§ Working data
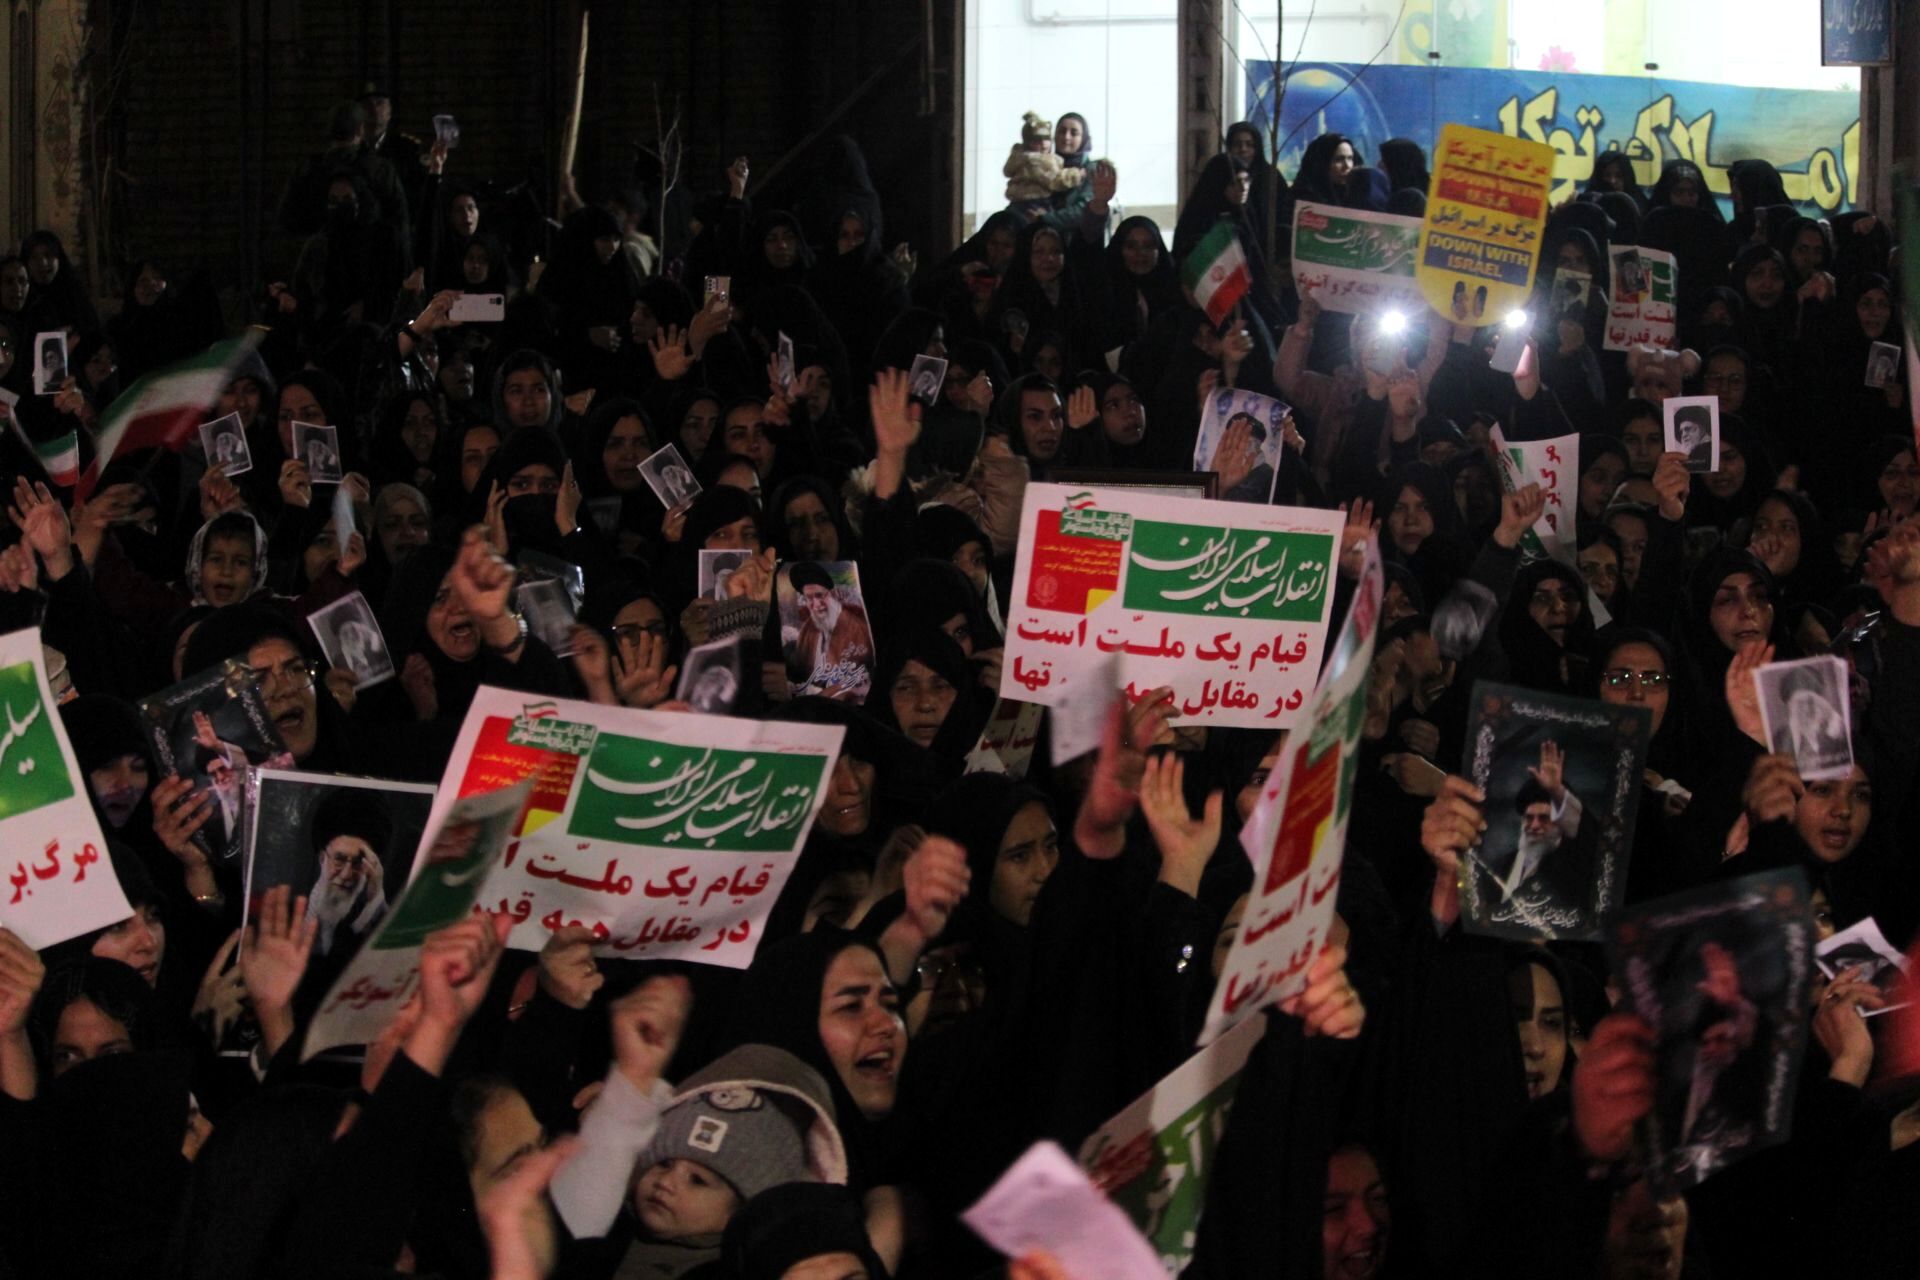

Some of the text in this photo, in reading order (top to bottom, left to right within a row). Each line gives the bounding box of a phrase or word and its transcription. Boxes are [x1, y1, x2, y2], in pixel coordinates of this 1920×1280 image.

[1429, 233, 1482, 253] DOWN
[1485, 245, 1530, 267] WITH
[1447, 254, 1503, 278] ISRAEL
[1131, 527, 1237, 580] ایران
[1160, 536, 1288, 612] اسلامی
[1219, 559, 1326, 616] انقلاب
[1017, 617, 1087, 648] است
[1195, 631, 1241, 670] یک
[1249, 631, 1308, 673] قیام
[1182, 678, 1259, 717] مقابل
[1264, 687, 1303, 719] در
[587, 746, 718, 808] ایران
[614, 757, 774, 843] اسلامی
[684, 784, 815, 848] انقلاب
[9, 838, 99, 904] مرگ بر
[644, 865, 697, 907] یک
[700, 863, 774, 907] قیام
[1244, 875, 1307, 945] است
[612, 915, 700, 951] مقابل
[701, 914, 749, 951] در

§ How to complete this task
Copy the listing above verbatim, leaving out pictures.

§ Result of the task
Some of the text in this photo, in reading order (top to bottom, left to right within a row). Each line gives the bounding box of a phrase or word and its transcription. Boxes are [x1, y1, x2, y2], in pixel coordinates of this 1920×1280 image.

[1429, 233, 1482, 253] DOWN
[1485, 245, 1530, 267] WITH
[1447, 254, 1503, 278] ISRAEL
[1131, 527, 1237, 580] ایران
[1160, 536, 1288, 612] اسلامی
[1219, 559, 1326, 616] انقلاب
[1017, 617, 1087, 648] است
[1195, 631, 1241, 670] یک
[1249, 631, 1308, 673] قیام
[1182, 678, 1259, 717] مقابل
[1264, 687, 1303, 719] در
[587, 746, 718, 808] ایران
[614, 757, 774, 843] اسلامی
[684, 784, 815, 848] انقلاب
[9, 838, 99, 904] مرگ بر
[644, 865, 697, 907] یک
[700, 863, 774, 907] قیام
[1244, 875, 1307, 945] است
[612, 915, 700, 951] مقابل
[701, 914, 749, 951] در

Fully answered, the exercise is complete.